▶ TASK DESCRIPTION: The finished copy should match every record exactly and contain no pictures.

──────── EXTRACTED ENTRIES

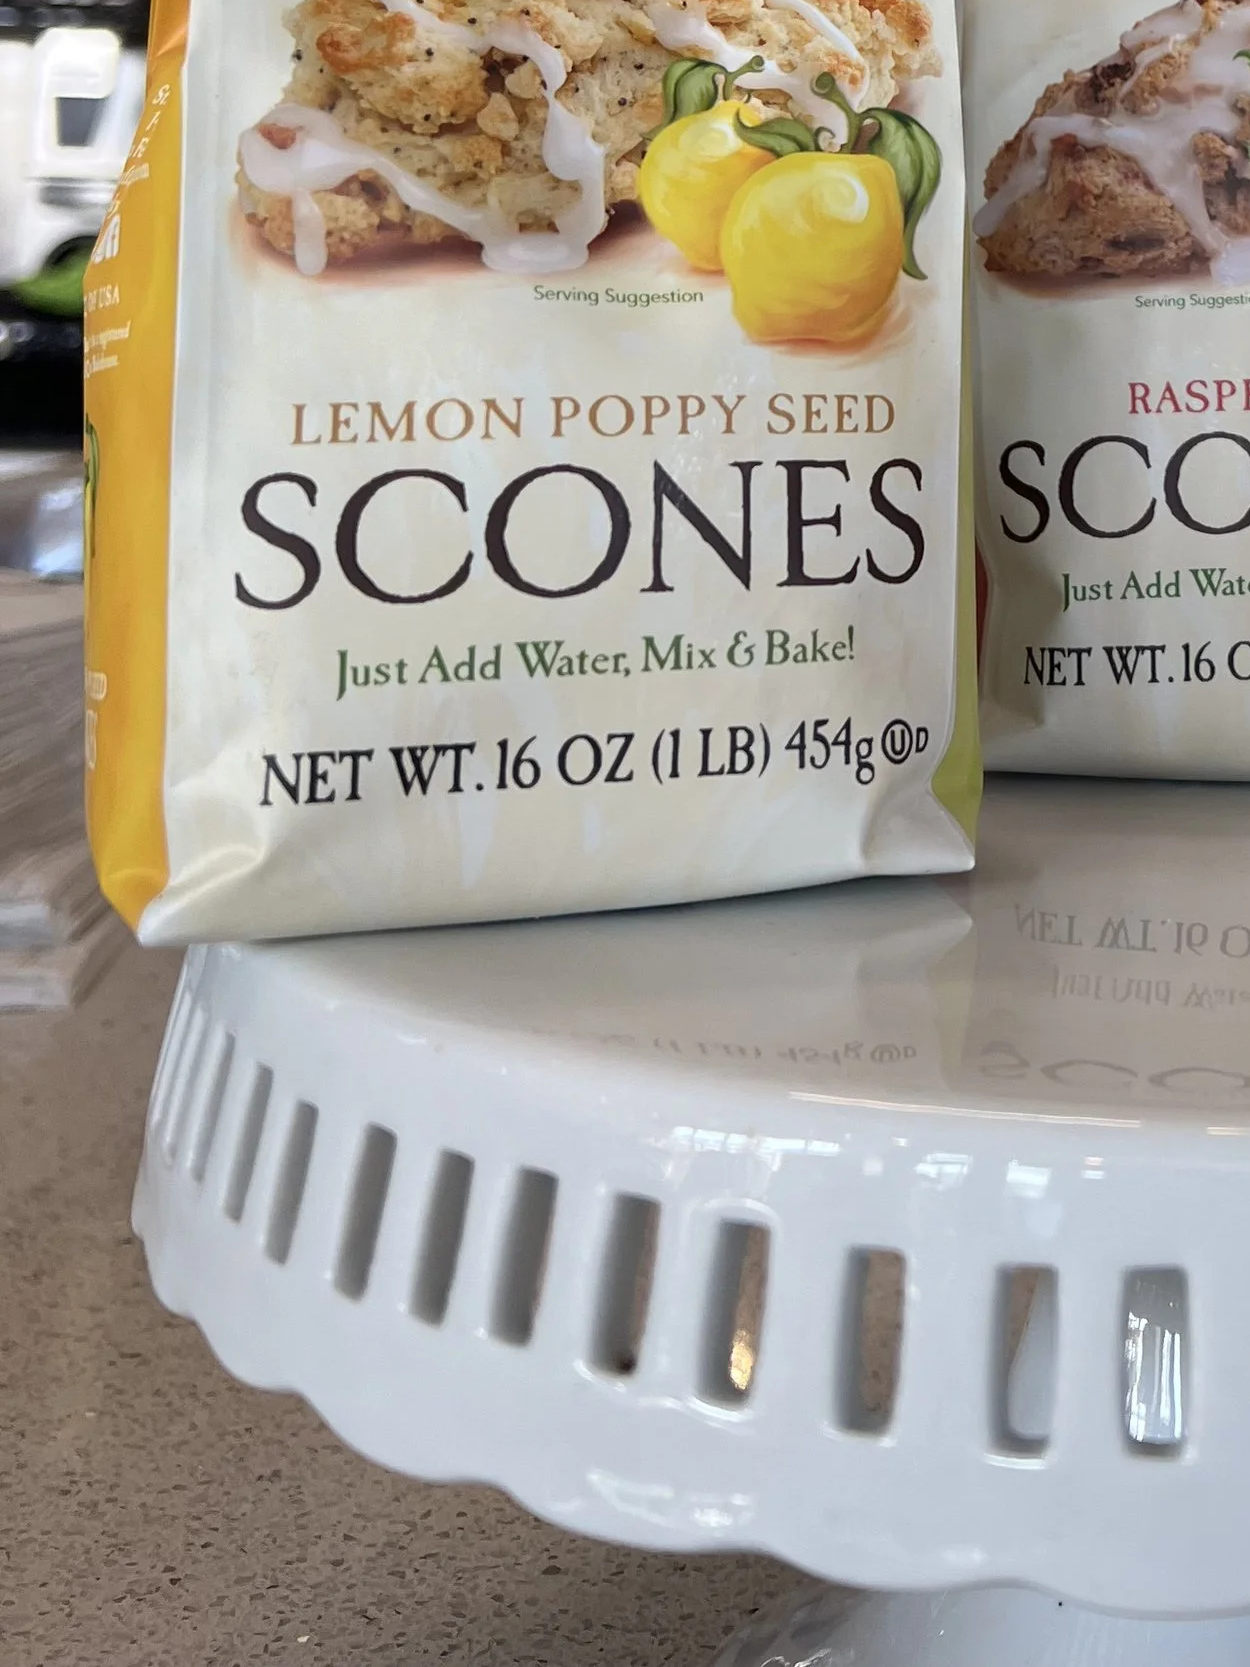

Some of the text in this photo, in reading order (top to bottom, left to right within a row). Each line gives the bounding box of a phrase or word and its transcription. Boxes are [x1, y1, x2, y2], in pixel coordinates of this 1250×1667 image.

[533, 285, 705, 307] Serving Suggestion
[1134, 294, 1187, 310] Serving
[290, 392, 896, 447] LEMON POPPY SEED
[234, 458, 927, 610] SCONES
[1062, 573, 1114, 611] Just
[1120, 566, 1182, 600] Add
[335, 625, 856, 701] Just Add Water, Mix & Bake!
[1024, 646, 1092, 686] NET
[261, 749, 373, 807] NET
[557, 731, 635, 787] OZ
[651, 727, 682, 783] (1
[696, 721, 772, 779] LB)
[784, 716, 875, 787] 454g
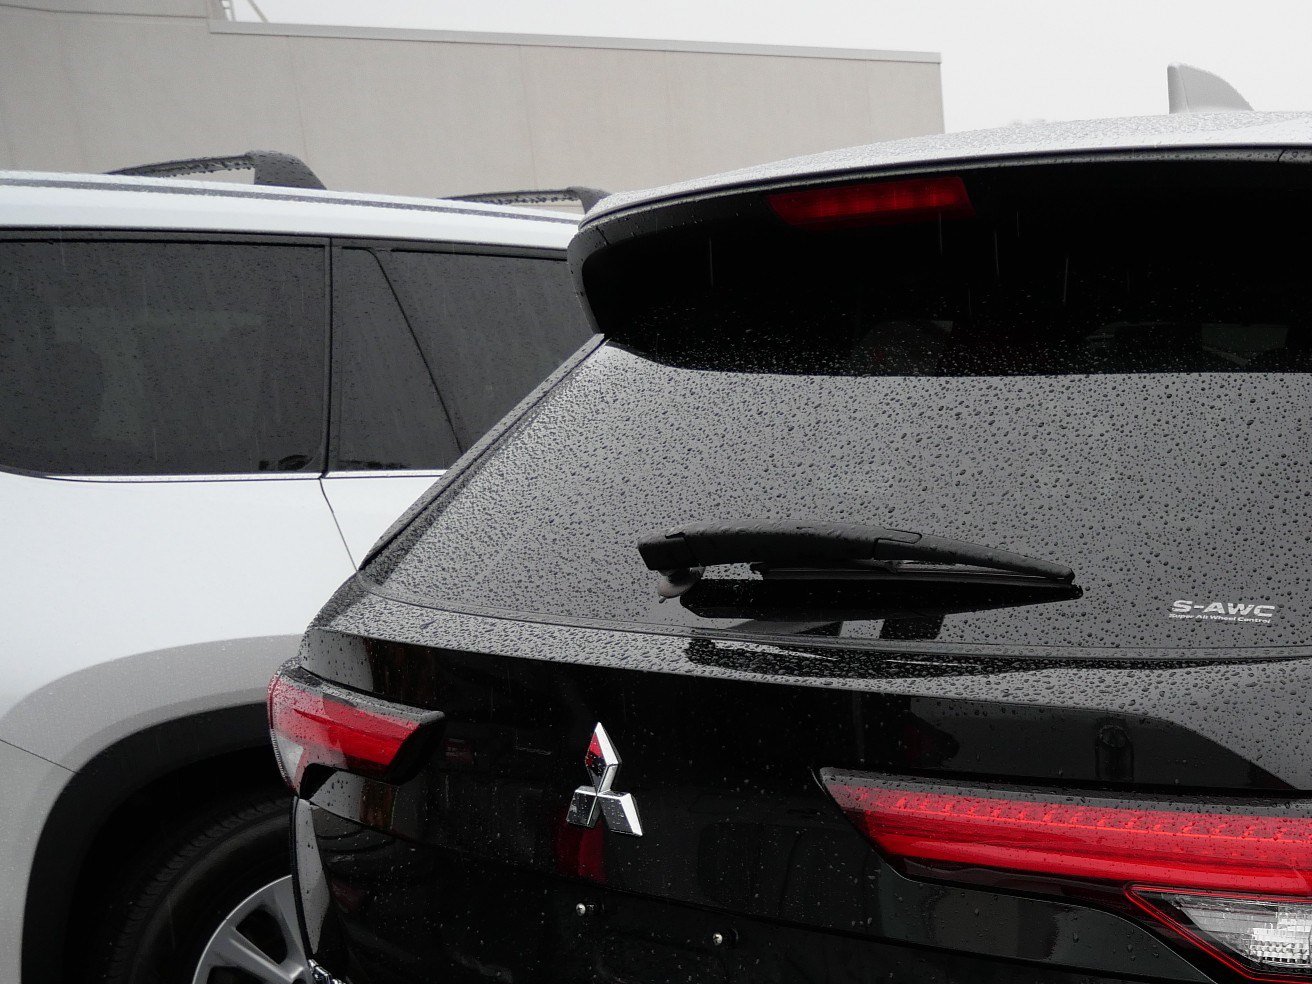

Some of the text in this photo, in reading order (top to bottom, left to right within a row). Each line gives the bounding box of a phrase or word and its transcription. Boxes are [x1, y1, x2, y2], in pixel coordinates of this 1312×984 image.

[1172, 600, 1275, 617] S-AWC
[1168, 612, 1195, 620] Super
[1237, 616, 1271, 624] Control

────────────────

▶ RESPONSE AREA:
Some of the text in this photo, in reading order (top to bottom, left to right within a row). Each line gives the bounding box of a phrase or word and its transcription. Boxes are [x1, y1, x2, y2], in pixel coordinates of this 1250×1667 image.

[533, 285, 705, 307] Serving Suggestion
[1134, 294, 1187, 310] Serving
[290, 392, 896, 447] LEMON POPPY SEED
[234, 458, 927, 610] SCONES
[1062, 573, 1114, 611] Just
[1120, 566, 1182, 600] Add
[335, 625, 856, 701] Just Add Water, Mix & Bake!
[1024, 646, 1092, 686] NET
[261, 749, 373, 807] NET
[557, 731, 635, 787] OZ
[651, 727, 682, 783] (1
[696, 721, 772, 779] LB)
[784, 716, 875, 787] 454g

Some of the text in this photo, in reading order (top to bottom, left to right within a row). Each line gives the bounding box of a phrase or word and its transcription. Boxes are [x1, y1, x2, y2], in pixel coordinates of this 1312×984 image.

[1172, 600, 1275, 617] S-AWC
[1168, 612, 1195, 620] Super
[1237, 616, 1271, 624] Control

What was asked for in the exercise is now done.